• PROBLEM TO SOLVE
Could you repeat the listing below exactly while leaving its pictures behind?

──────

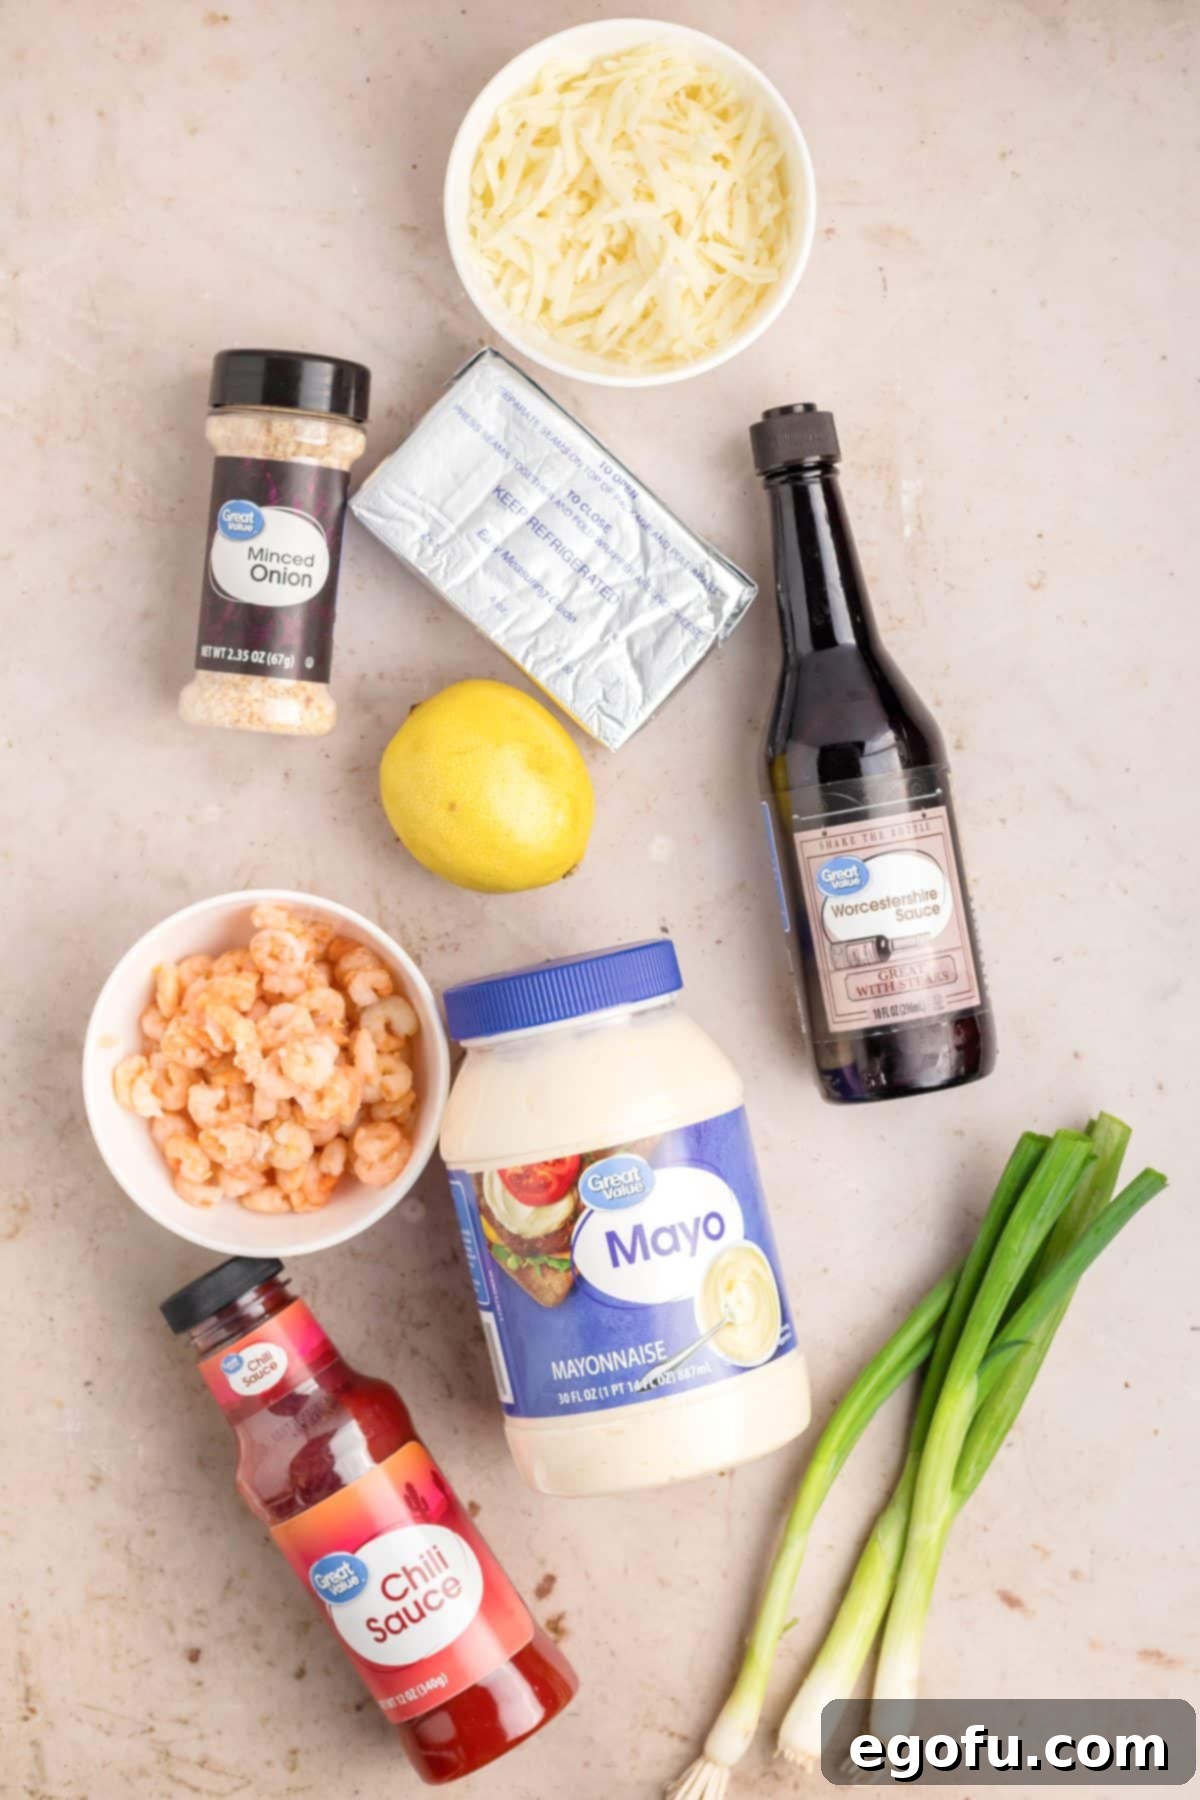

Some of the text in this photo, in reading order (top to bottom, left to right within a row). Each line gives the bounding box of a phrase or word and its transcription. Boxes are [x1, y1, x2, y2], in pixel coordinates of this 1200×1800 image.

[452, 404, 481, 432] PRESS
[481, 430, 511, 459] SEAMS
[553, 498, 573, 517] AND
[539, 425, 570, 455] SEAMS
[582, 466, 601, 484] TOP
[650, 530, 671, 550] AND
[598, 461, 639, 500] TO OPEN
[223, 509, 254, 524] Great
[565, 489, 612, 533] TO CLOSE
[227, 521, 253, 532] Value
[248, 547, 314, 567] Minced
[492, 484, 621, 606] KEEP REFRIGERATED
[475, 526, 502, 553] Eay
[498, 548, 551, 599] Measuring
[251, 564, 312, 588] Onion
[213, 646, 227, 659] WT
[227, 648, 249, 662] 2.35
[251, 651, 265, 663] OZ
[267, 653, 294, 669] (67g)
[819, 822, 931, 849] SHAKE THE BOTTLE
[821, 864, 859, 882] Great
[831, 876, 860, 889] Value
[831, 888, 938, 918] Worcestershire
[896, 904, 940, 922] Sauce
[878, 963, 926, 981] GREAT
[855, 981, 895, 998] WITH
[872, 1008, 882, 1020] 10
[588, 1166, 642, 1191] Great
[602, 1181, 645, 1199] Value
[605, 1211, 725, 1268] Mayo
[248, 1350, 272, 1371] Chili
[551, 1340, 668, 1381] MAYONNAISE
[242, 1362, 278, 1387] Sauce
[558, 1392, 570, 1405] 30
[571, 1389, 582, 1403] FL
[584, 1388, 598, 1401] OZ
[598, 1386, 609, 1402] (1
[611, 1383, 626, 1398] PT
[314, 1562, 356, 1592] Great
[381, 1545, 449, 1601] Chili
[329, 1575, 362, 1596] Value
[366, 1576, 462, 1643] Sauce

──────

• THE COMPLETED TASK
Some of the text in this photo, in reading order (top to bottom, left to right within a row). Each line gives the bounding box of a phrase or word and its transcription. Boxes are [x1, y1, x2, y2], in pixel coordinates of this 1200×1800 image.

[452, 404, 481, 432] PRESS
[481, 430, 511, 459] SEAMS
[553, 498, 573, 517] AND
[539, 425, 570, 455] SEAMS
[582, 466, 601, 484] TOP
[650, 530, 671, 550] AND
[598, 461, 639, 500] TO OPEN
[223, 509, 254, 524] Great
[565, 489, 612, 533] TO CLOSE
[227, 521, 253, 532] Value
[248, 547, 314, 567] Minced
[492, 484, 621, 606] KEEP REFRIGERATED
[475, 526, 502, 553] Eay
[498, 548, 551, 599] Measuring
[251, 564, 312, 588] Onion
[213, 646, 227, 659] WT
[227, 648, 249, 662] 2.35
[251, 651, 265, 663] OZ
[267, 653, 294, 669] (67g)
[819, 822, 931, 849] SHAKE THE BOTTLE
[821, 864, 859, 882] Great
[831, 876, 860, 889] Value
[831, 888, 938, 918] Worcestershire
[896, 904, 940, 922] Sauce
[878, 963, 926, 981] GREAT
[855, 981, 895, 998] WITH
[872, 1008, 882, 1020] 10
[588, 1166, 642, 1191] Great
[602, 1181, 645, 1199] Value
[605, 1211, 725, 1268] Mayo
[248, 1350, 272, 1371] Chili
[551, 1340, 668, 1381] MAYONNAISE
[242, 1362, 278, 1387] Sauce
[558, 1392, 570, 1405] 30
[571, 1389, 582, 1403] FL
[584, 1388, 598, 1401] OZ
[598, 1386, 609, 1402] (1
[611, 1383, 626, 1398] PT
[314, 1562, 356, 1592] Great
[381, 1545, 449, 1601] Chili
[329, 1575, 362, 1596] Value
[366, 1576, 462, 1643] Sauce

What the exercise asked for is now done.